Ein Börsendebüt der Superlative in Shanghai wirft ein Schlaglicht auf ein Investment, das Tencent schon vor Jahren eingegangen ist. Die Aktien des humanoiden Roboterherstellers Unitree Robotics schossen am ersten Handelstag um mehr als 600 Prozent über ihren Ausgabepreis von 150,80 Yuan nach oben. Intraday erreichte das Papier einen Höchststand von 1.100 Yuan, bevor die Rally zur Mittagspause etwas an Schwung verlor.
Für Tencent ist der fulminante Handelsstart mehr als nur eine Randnotiz. Der chinesische Internetkonzern gehört neben Alibaba und der KI-Firma DeepSeek zu den prominenten Investoren hinter Unitree.
Das Unternehmen zählt zu den weltweit führenden Entwicklern humanoider Roboter und hatte im Vorfeld des Listings mit „Superman“ ein neues Modell vorgestellt, das nach Unternehmensangaben aus dem Stand zwei Meter hoch springen und schneller als ein Mensch laufen können soll.
Ein Achtungszeichen für Chinas KI-Ambitionen
Der Kurssprung fällt in eine Phase, in der der breite chinesische Aktienmarkt unter Druck steht. Sowohl der Shanghai Composite als auch der CSI 300 verloren am gleichen Handelstag jeweils mehr als zwei Prozent. Unitree hebt sich damit deutlich vom allgemeinen Sentiment ab und unterstreicht, wie stark Anleger auf Chinas Robotik- und KI-Sektor als eigenständiges Wachstumsfeld setzen — unabhängig von der Verfassung des Gesamtmarkts.

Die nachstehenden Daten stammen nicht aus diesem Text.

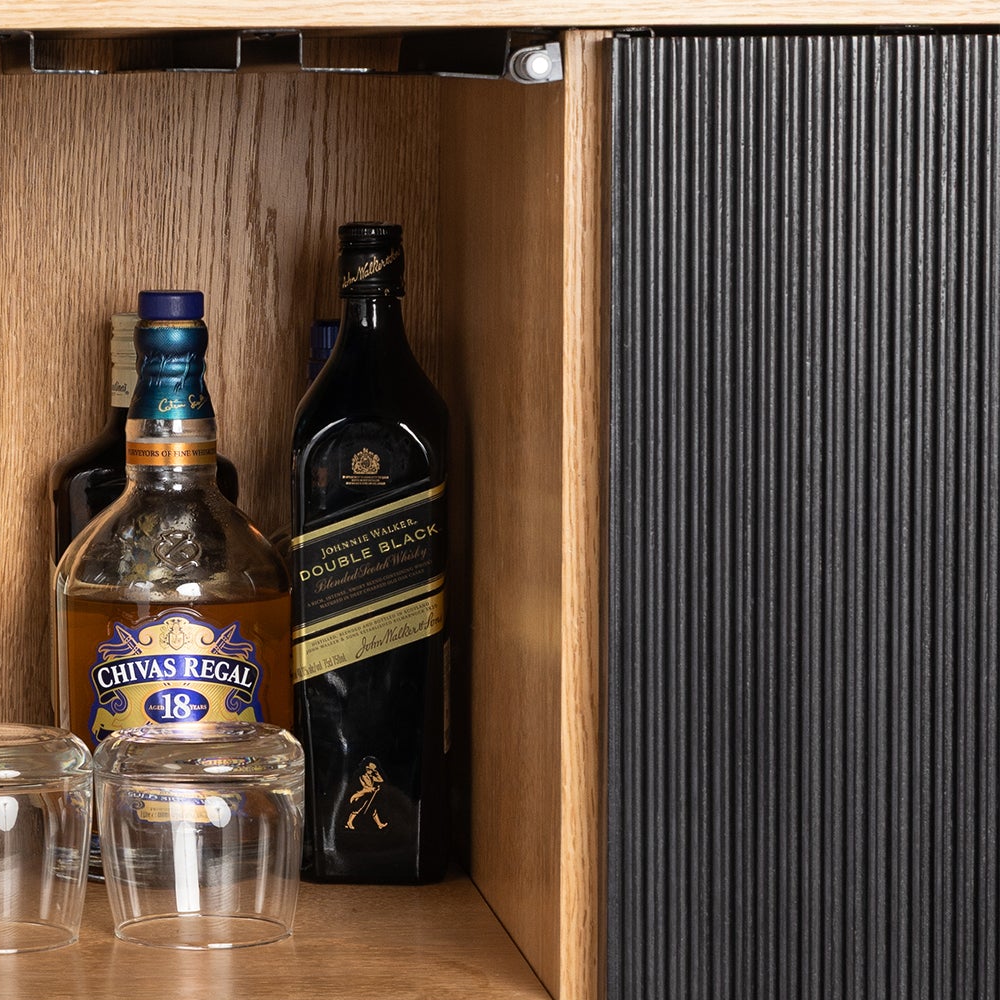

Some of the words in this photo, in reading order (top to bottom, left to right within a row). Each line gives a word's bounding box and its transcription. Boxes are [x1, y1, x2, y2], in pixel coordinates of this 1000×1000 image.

[173, 449, 192, 457] FINE
[300, 547, 373, 581] DOUBLE
[378, 523, 439, 554] BLACK
[321, 534, 369, 559] JOHNNIE
[313, 569, 359, 593] Blended
[358, 557, 389, 578] Scotch
[388, 546, 428, 568] Whisky
[355, 637, 383, 659] John
[382, 621, 419, 645] Walker
[97, 657, 177, 688] CHIVAS
[183, 657, 253, 688] REGAL
[148, 703, 165, 711] AGED
[161, 693, 191, 719] 18
[190, 703, 207, 711] YEARS
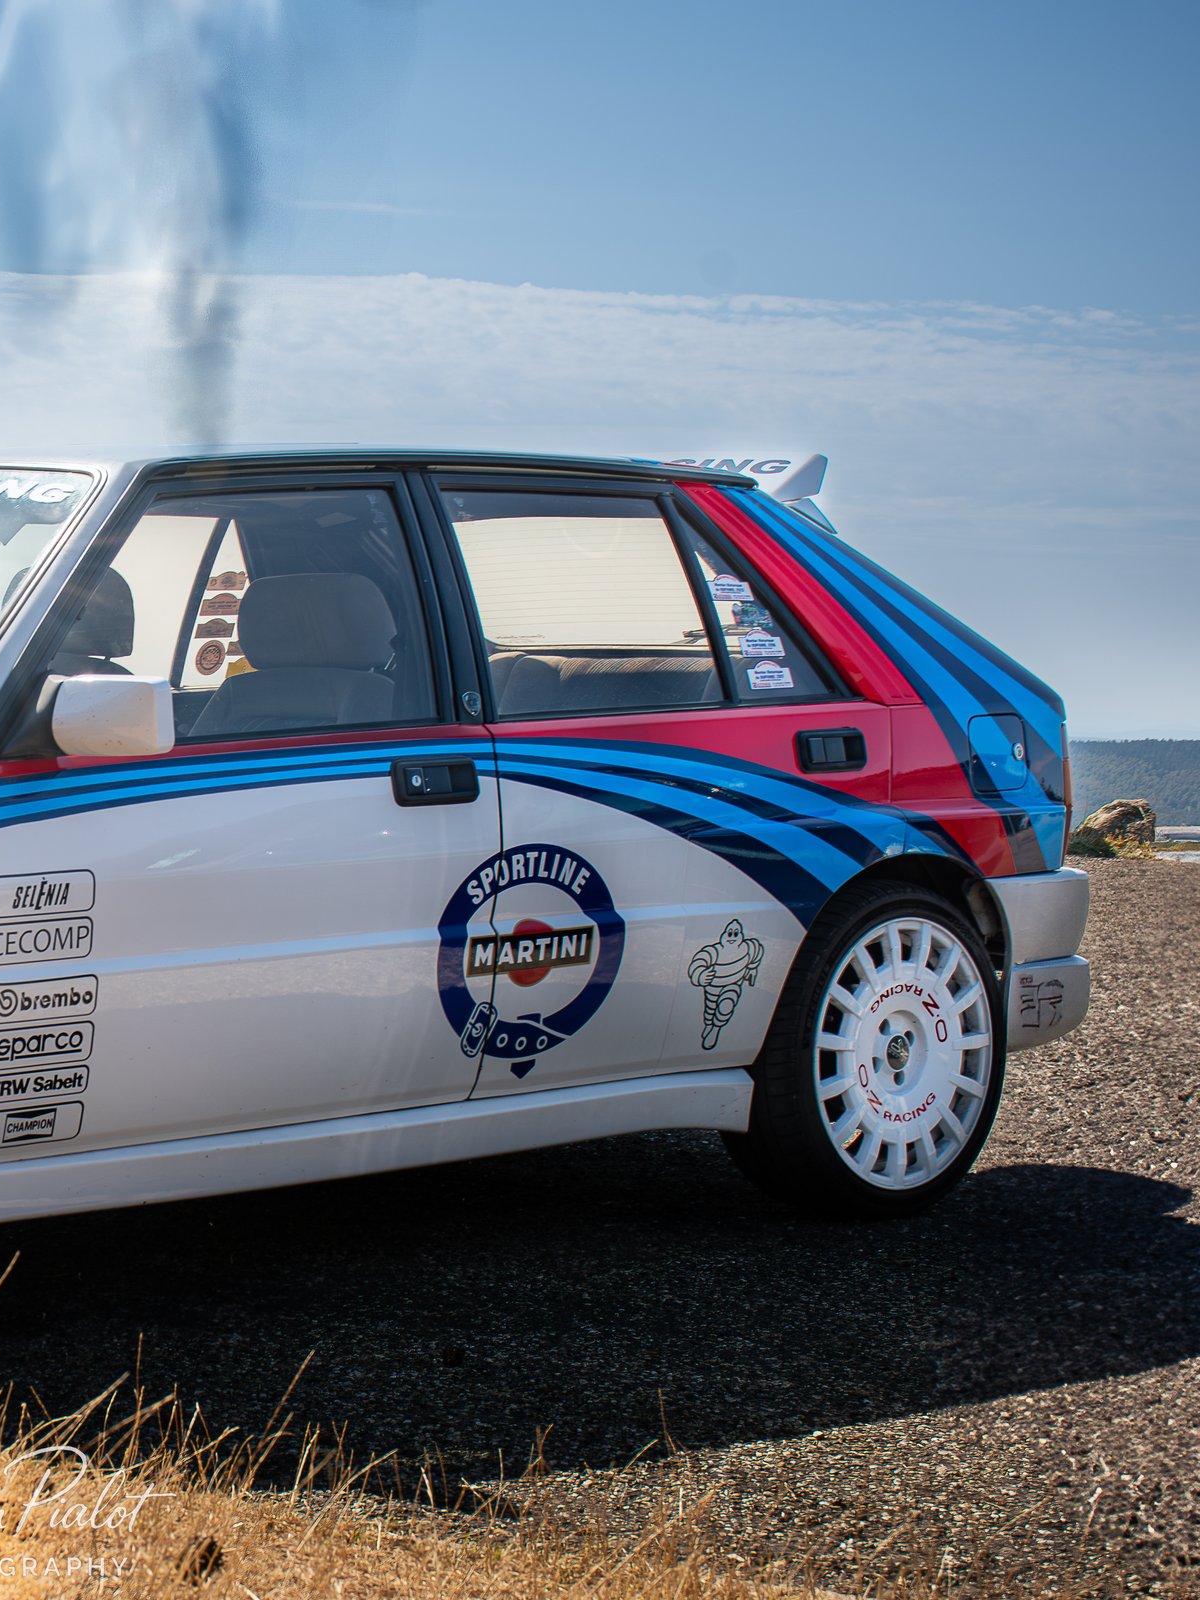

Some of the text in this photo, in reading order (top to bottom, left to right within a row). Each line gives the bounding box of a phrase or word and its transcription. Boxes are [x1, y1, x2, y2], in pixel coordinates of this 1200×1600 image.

Die Vorgeschichte bleibt allerdings nicht ohne Risiko. Washington hatte im Juli die Einfuhr ausländisch gefertigter humanoider und vierbeiniger Roboter untersagt. Damit fällt für Unitree ein bedeutender Absatzmarkt weg, auch wenn Branchenbeobachter die technologische Position des Unternehmens gegenüber US-Konkurrenten wie Boston Dynamics oder Tesla als fortgeschritten einschätzen.

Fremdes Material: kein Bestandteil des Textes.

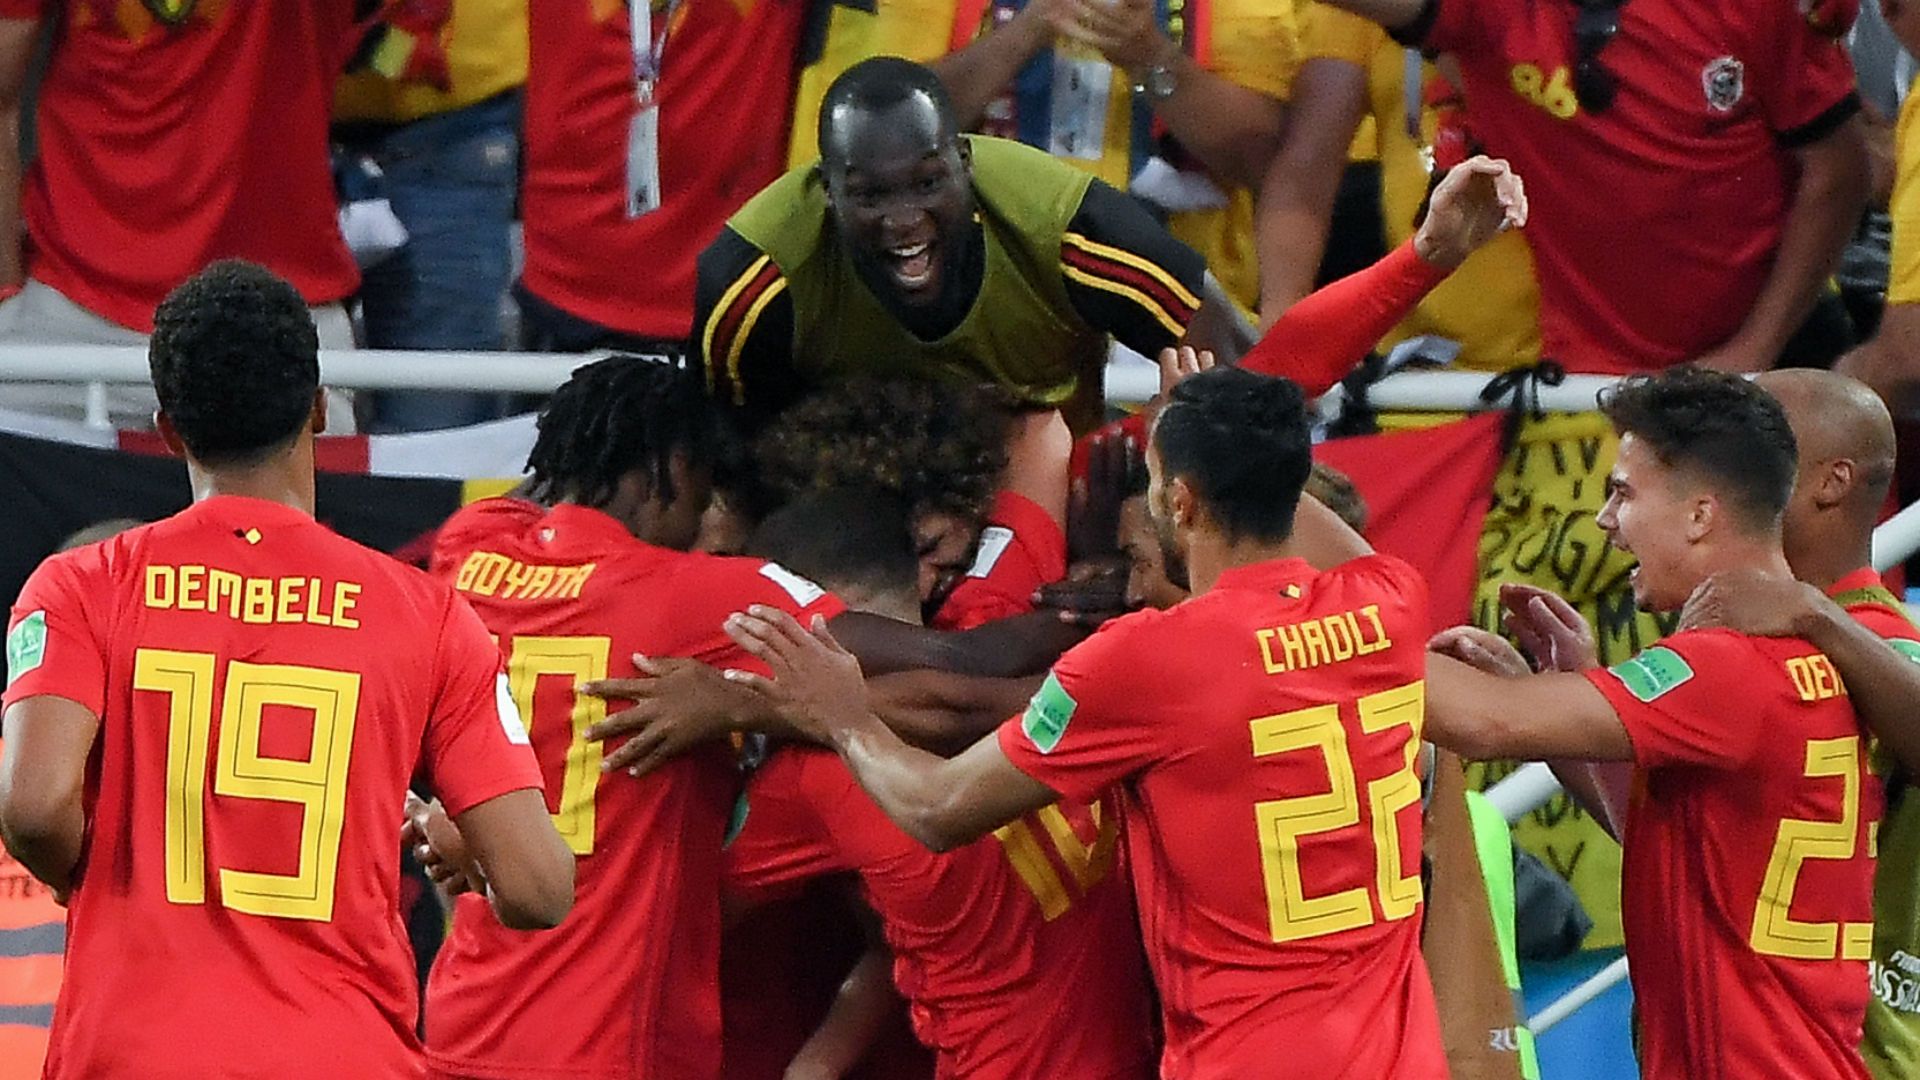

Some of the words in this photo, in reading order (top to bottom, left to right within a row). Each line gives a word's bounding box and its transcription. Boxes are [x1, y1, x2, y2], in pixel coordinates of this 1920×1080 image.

[143, 564, 363, 630] DEMBELE
[455, 550, 597, 600] BOYATA
[1255, 603, 1393, 675] CHADLI
[132, 647, 362, 923] 19
[491, 634, 612, 855] 0
[1249, 679, 1426, 944] 22
[1749, 735, 1879, 961] 2

Für Tencent als Anteilseigner bedeutet das: Der Wertzuwachs am Debüttag ist ein positives Signal, doch die geopolitische Gemengelage rund um chinesische Robotik-Exporte bleibt ein Belastungsfaktor für die künftige Monetarisierung der Beteiligung.

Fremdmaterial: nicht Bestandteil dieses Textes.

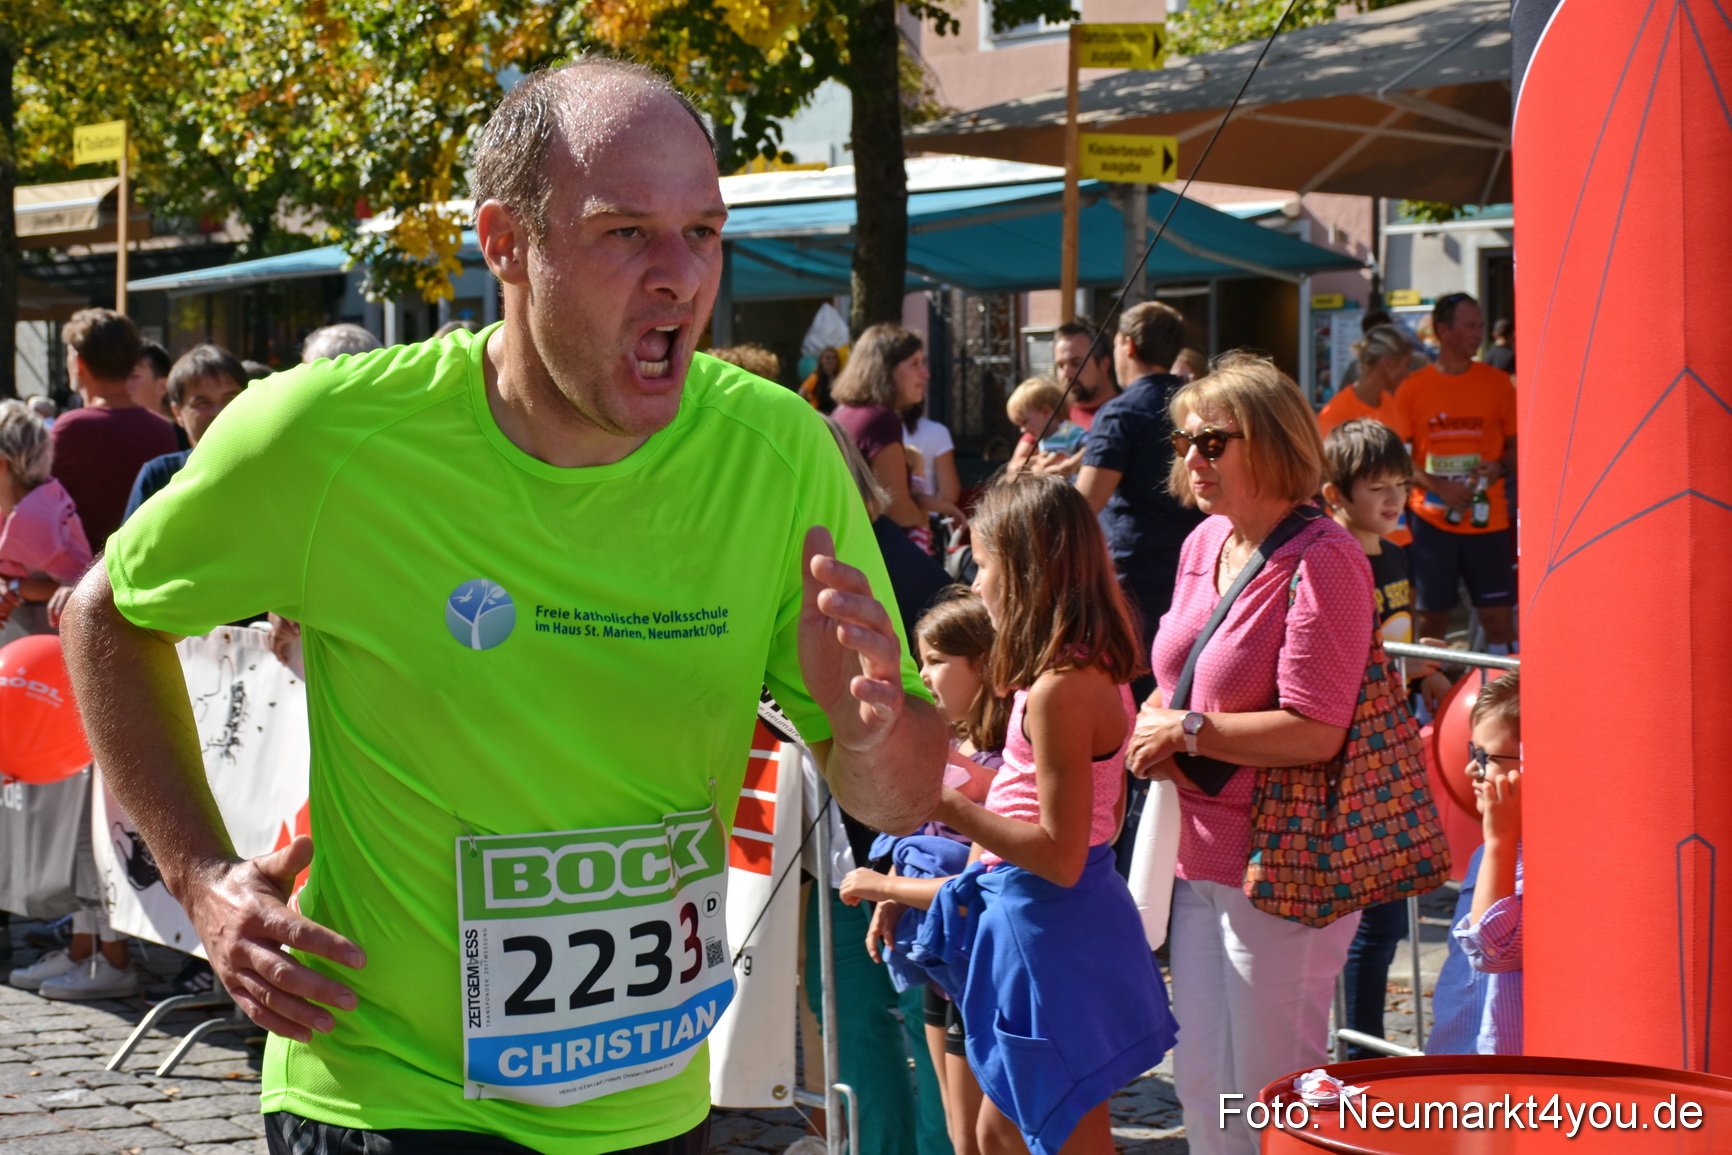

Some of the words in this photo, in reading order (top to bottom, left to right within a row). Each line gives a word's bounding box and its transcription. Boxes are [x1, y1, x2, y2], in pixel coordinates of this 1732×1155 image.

[535, 605, 570, 620] Freie
[574, 608, 650, 625] katholische
[652, 606, 729, 624] Volksschule
[535, 620, 550, 632] im
[553, 622, 581, 637] Haus
[584, 624, 600, 637] St.
[603, 625, 646, 641] Marien,
[648, 621, 730, 640] Neumarkt/Opf.
[484, 819, 712, 909] BOCK
[706, 898, 717, 912] D
[502, 902, 702, 1016] 2233
[498, 1000, 717, 1078] CHRISTIAN

Abseits der Kapitalmarktseite bleibt Tencent auch im globalen Gaming-Ökosystem aktiv vernetzt — als bestehender Partner des Podcast-Formats Good Game Club, das nun eine weitere Kooperation mit dem Handelsunternehmen Xsolla eingeht. Für die Aktie selbst dürfte diese Nebenaktivität kaum kursrelevant sein, sie zeigt aber die Breite der Beteiligungen und Partnerschaften, mit denen der Konzern in Zukunftsfelder investiert.